Essentially, run a backup and verify the backup files. Then run SureBackup to make sure the VMs can power on and services come up.
Hope that helps.
Hello everyone,
I am new on Veeam and I am planning to perform backup tests in my environment (VM’s, Local Storage, etc.). I would like to hear from your experience the best procedures to performs these backup tests and ensure that our systems/infrastructure are prepared for recovery whenever needed.
Could you advise on how to proceed correctly?
Thank you in advance.
Yes use Virtual Lab and SureBackup to test things. As noted above that is the best thing for testing restores.
SureBackup/SureReplica can help with automating your testing.
Out of the box you can:
Confirm VMware Tools has started (this confirms the OS booted successfully to the point that services could start)
Confirm network ping worked successfully (this confirms the OS booted successfully and the network stack started successfully, so your services will be accessible over the network)
Port checks (Veeam offer a fair few of these out of the box as standard ports such as 53 for DNS, port 80 for web etc, but you can also use it to query any TCP port that it is responding.
SQL Server checker script, this will validate all of your SQL databases are in an online/healthy state after booting.
Anti-Malware scanning, this leverages any Anti-Virus installed on your Veeam server that is mounting the backups to scan for viruses, helping you guarantee that any compromise of your VMs such as disabled AV and virus payload deployed, can be detected, helping prevent established footholds on your network.
Data integrity check, this is extremely intensive but looks for any signs of silent corruption that you may not be aware of until you have a full recovery event.
In addition to this you can also execute your own scripts if you have workflows that would support this to perform your own validations.
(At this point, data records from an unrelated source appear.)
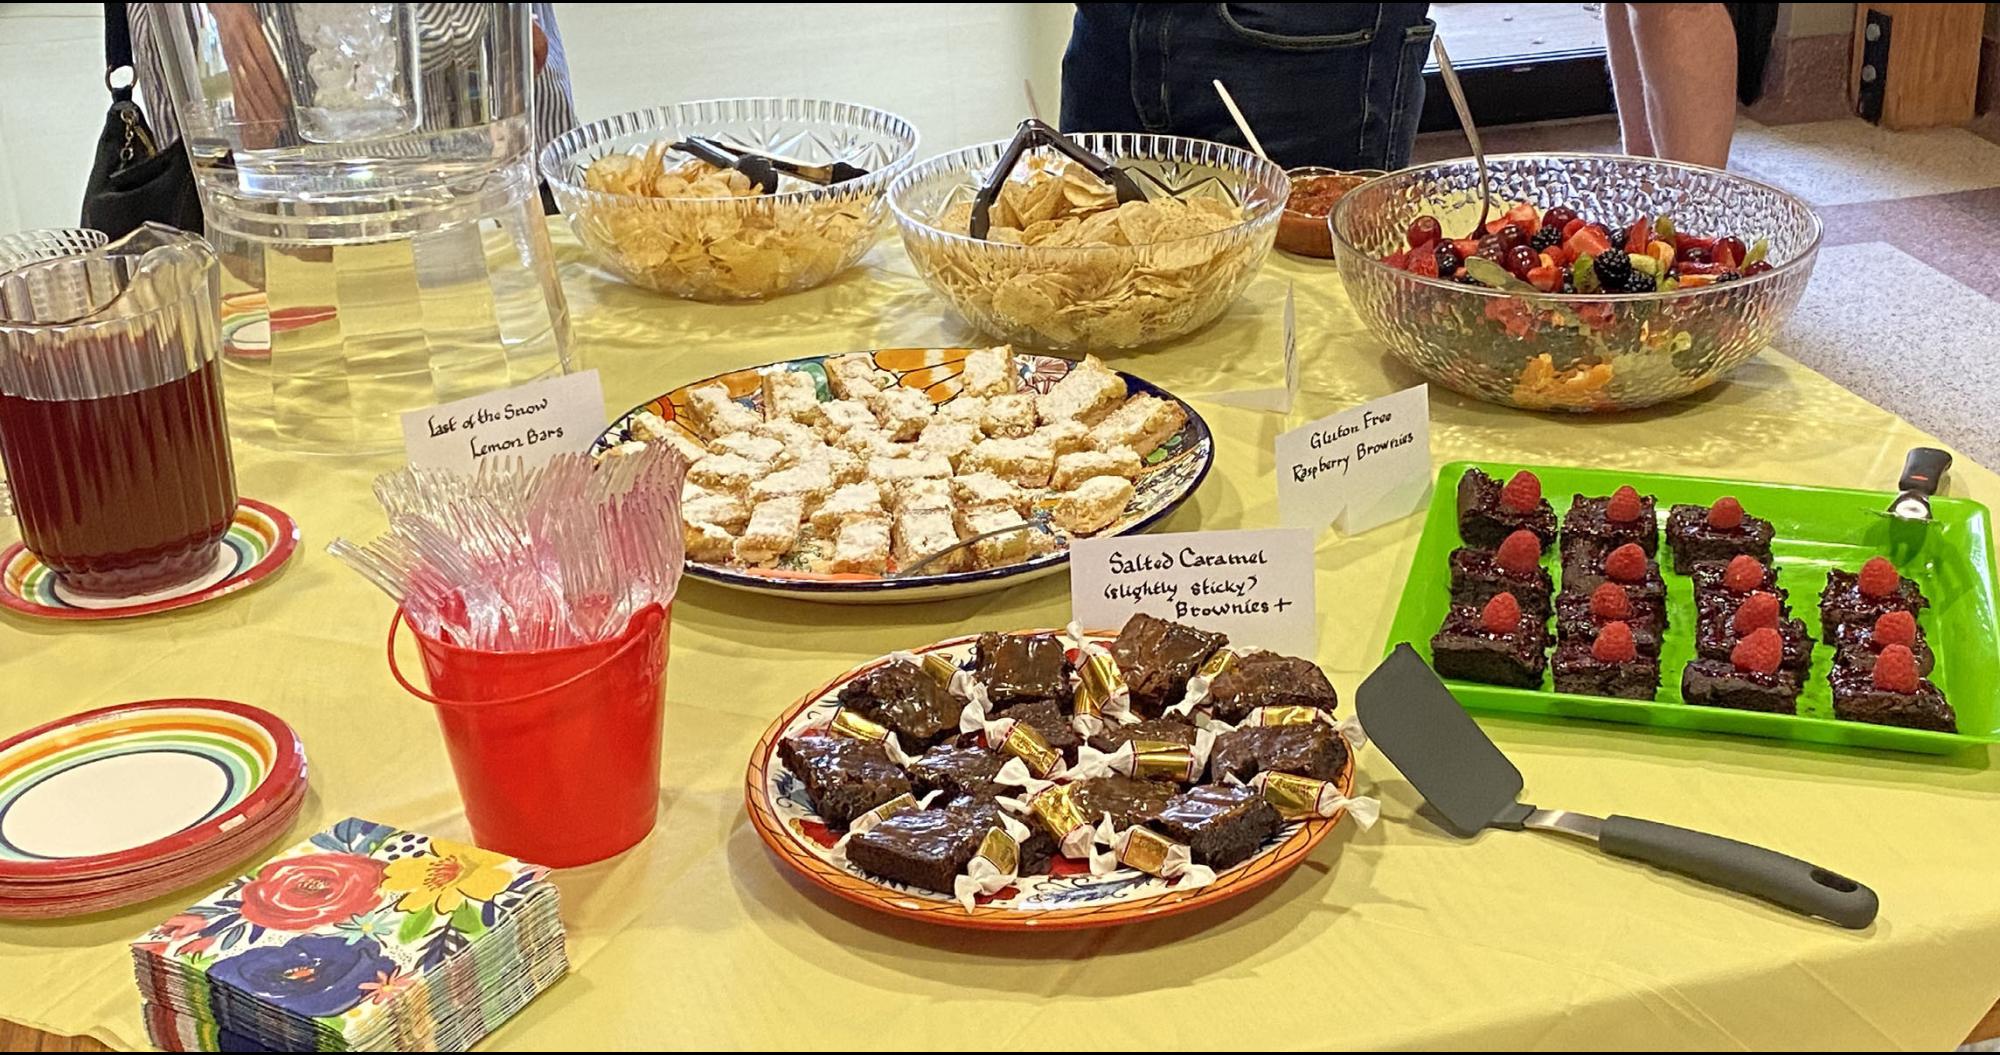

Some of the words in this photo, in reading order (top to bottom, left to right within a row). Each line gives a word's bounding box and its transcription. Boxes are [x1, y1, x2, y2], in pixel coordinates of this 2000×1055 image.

[428, 415, 457, 438] Last
[462, 416, 476, 430] of
[477, 408, 501, 424] the
[504, 399, 548, 420] Snow
[1363, 411, 1392, 430] Free
[470, 437, 523, 460] Lemon
[527, 426, 564, 445] Bars
[1292, 455, 1350, 482] Raspberry
[1356, 432, 1414, 461] Brownies
[1109, 551, 1174, 574] Salted
[1179, 547, 1267, 568] Caramel
[1104, 580, 1177, 604] (slightly
[1175, 598, 1269, 619] Brownies
These scripts could be as simple as invoking a test tool on your protected server or orchestrating a number of different tests via commands within a script.
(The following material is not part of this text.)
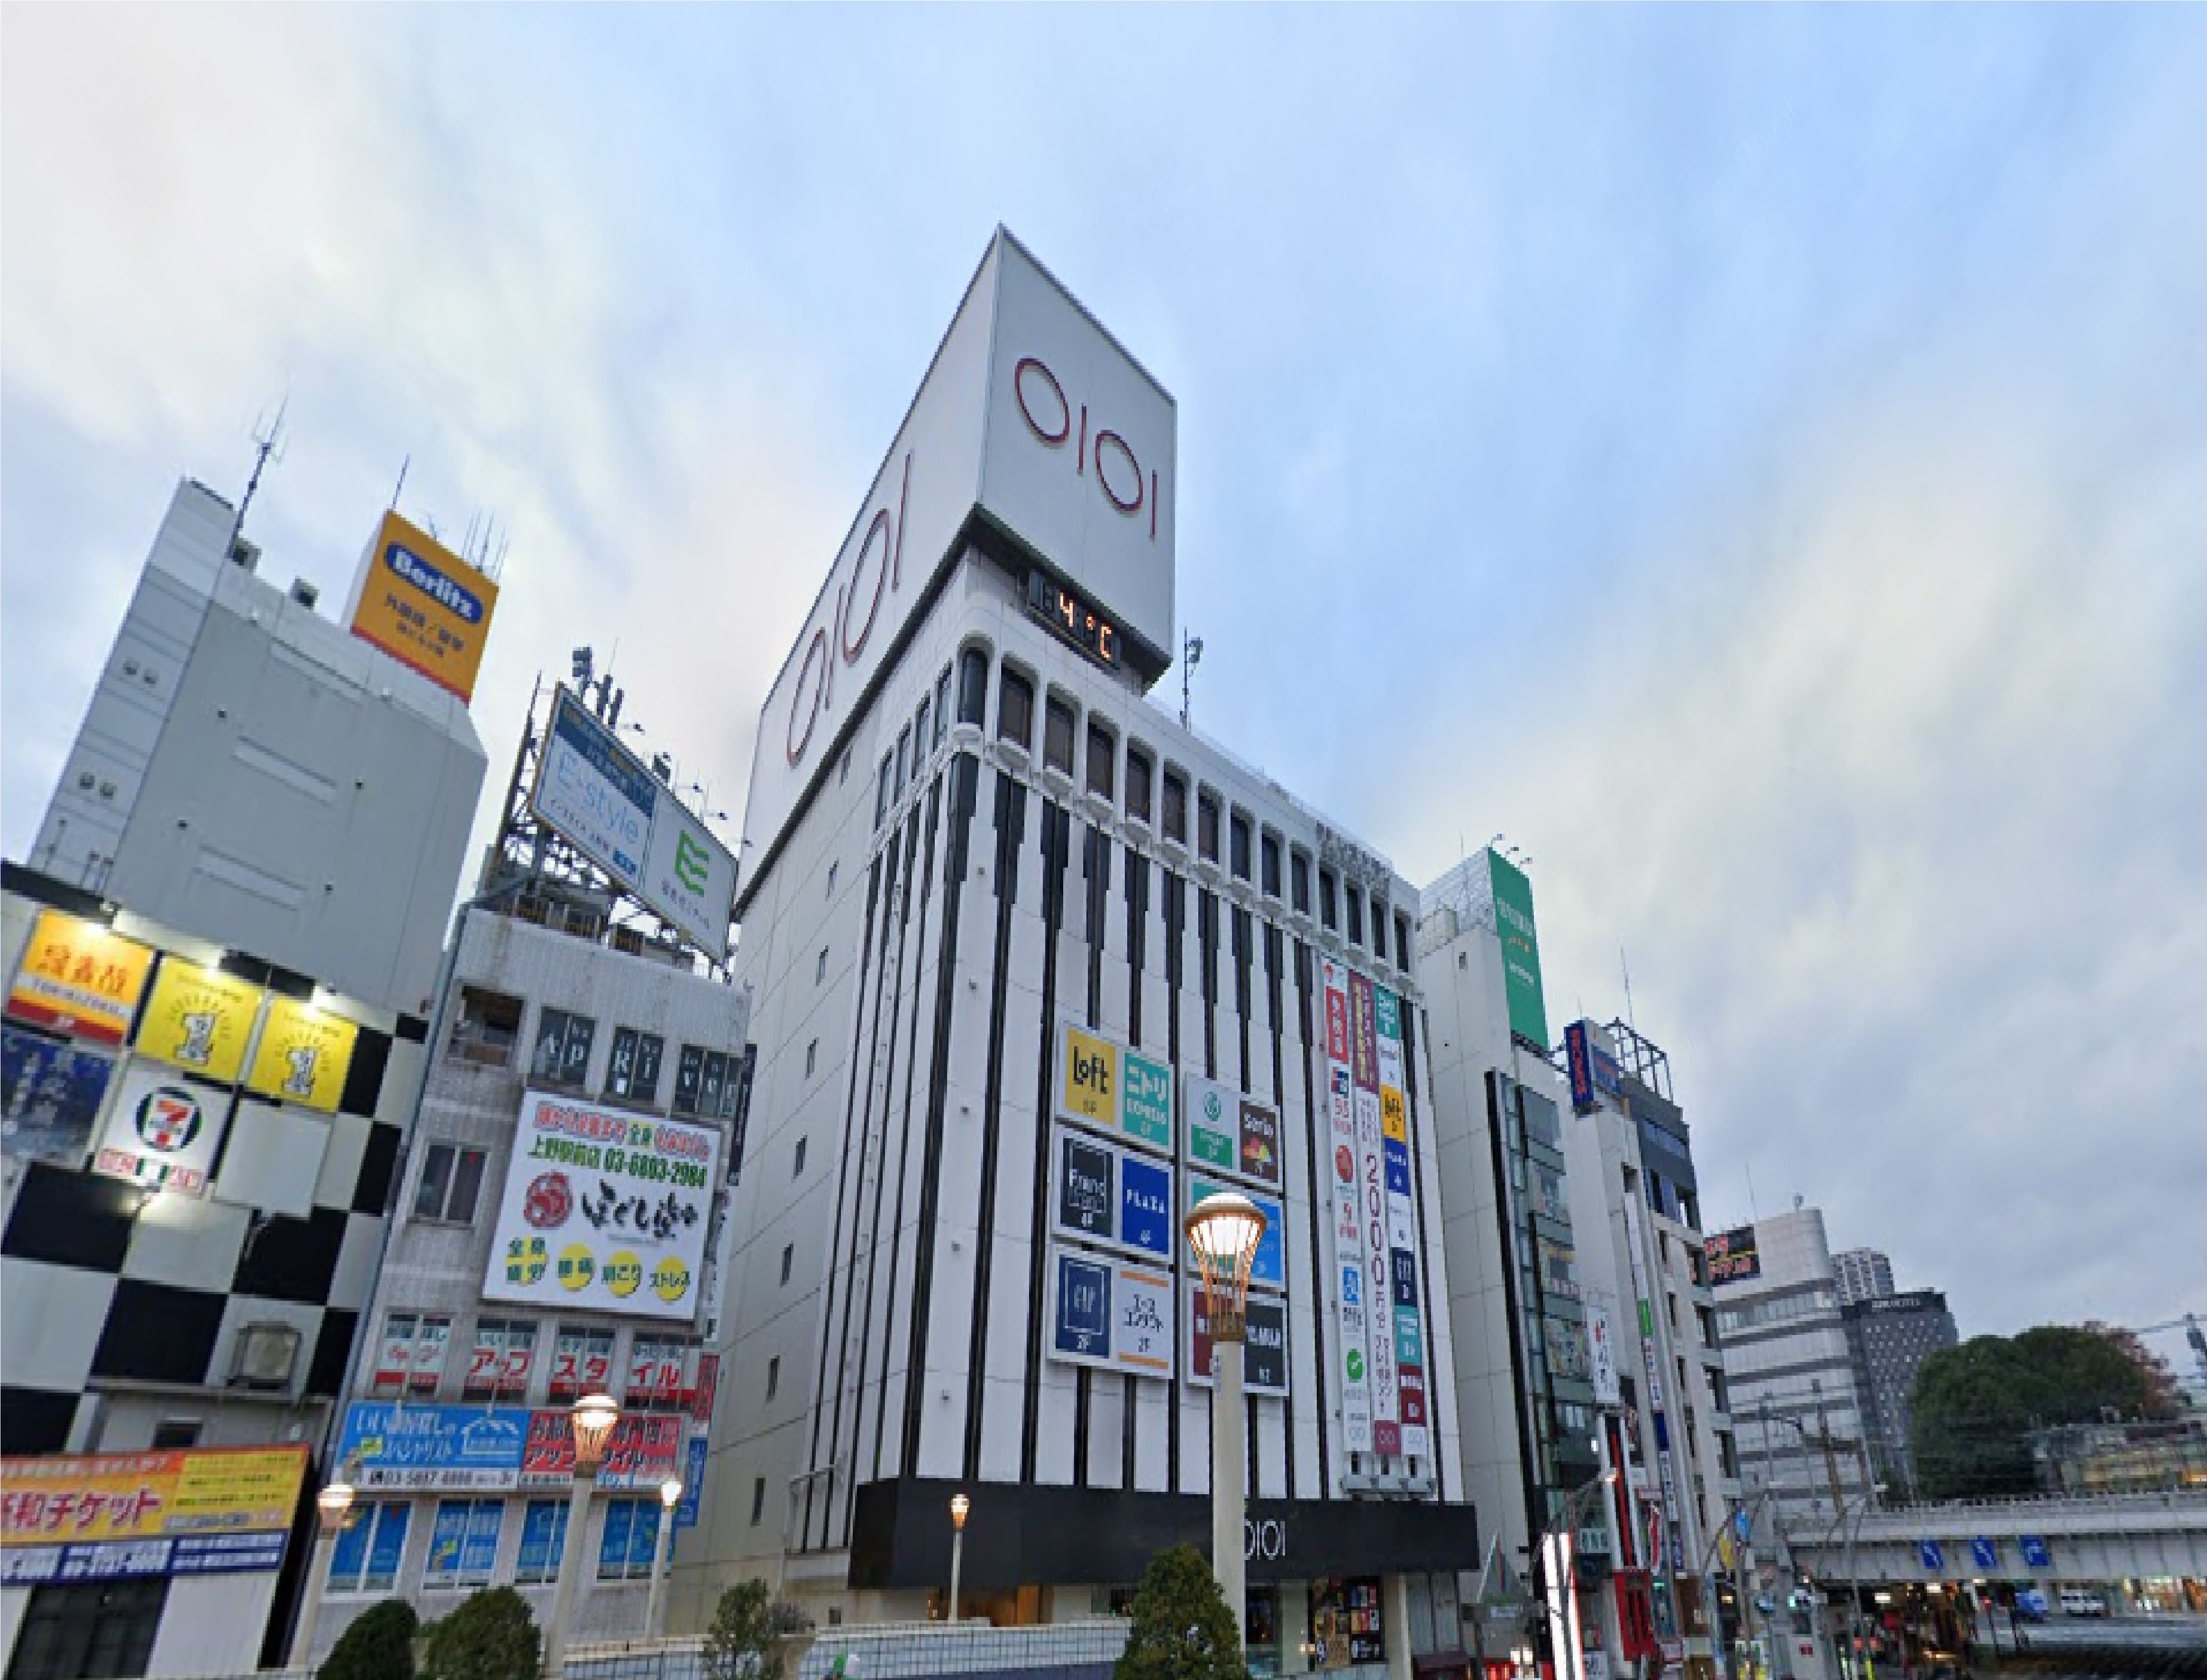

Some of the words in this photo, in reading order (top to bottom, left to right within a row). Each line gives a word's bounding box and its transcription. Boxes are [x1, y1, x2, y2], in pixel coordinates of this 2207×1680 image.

[394, 550, 473, 618] Berlitz
[1074, 1046, 1108, 1094] Loft
[1127, 1065, 1166, 1104] ニトリ
[1127, 1188, 1165, 1214] PLAZA
Everything I’ve mentioned above is good for automated testing but I’d strongly recommend looking into @vmiss33 ’s content on Twitter and her blog as she talks a huge amount about disaster recovery and focusing on real world scenarios.
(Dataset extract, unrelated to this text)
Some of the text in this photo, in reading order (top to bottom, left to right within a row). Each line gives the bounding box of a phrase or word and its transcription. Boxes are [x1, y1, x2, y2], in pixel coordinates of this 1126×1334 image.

She’s also known for hitting the hard truths via memes!
Everything I’ve mentioned above is good for automated testing but I’d strongly recommend looking into @vmiss33 ’s content on Twitter and her blog as she talks a huge amount about disaster recovery and focusing on real world scenarios.
She’s also known for hitting the hard truths via memes!
Yes definitely check out @vmiss33 with VAO stuff too.
Everything I’ve mentioned above is good for automated testing but I’d strongly recommend looking into @vmiss33 ’s content on Twitter and her blog as she talks a huge amount about disaster recovery and focusing on real world scenarios.
She’s also known for hitting the hard truths via memes!
Thank you for this!
Hello guys,
Thank you very much for all your support. I am starting today, and I do hope that everything goes well.
Still a lot to read which is normal at this tsage but hope to be successful .
I let you know in case I need more support.
Regards,
Next to SureBackup you should also test:
File-level restore Restore some Windows/Linux files. In my experience this is the most often used restore-scenario.
Application Item Restore Like SQL DB
Full VM Restore respectively VMDK Restore Here take a closer look on restore-performance of a single VMDK. This is important for restoring large VMDKs - to know how long this will take.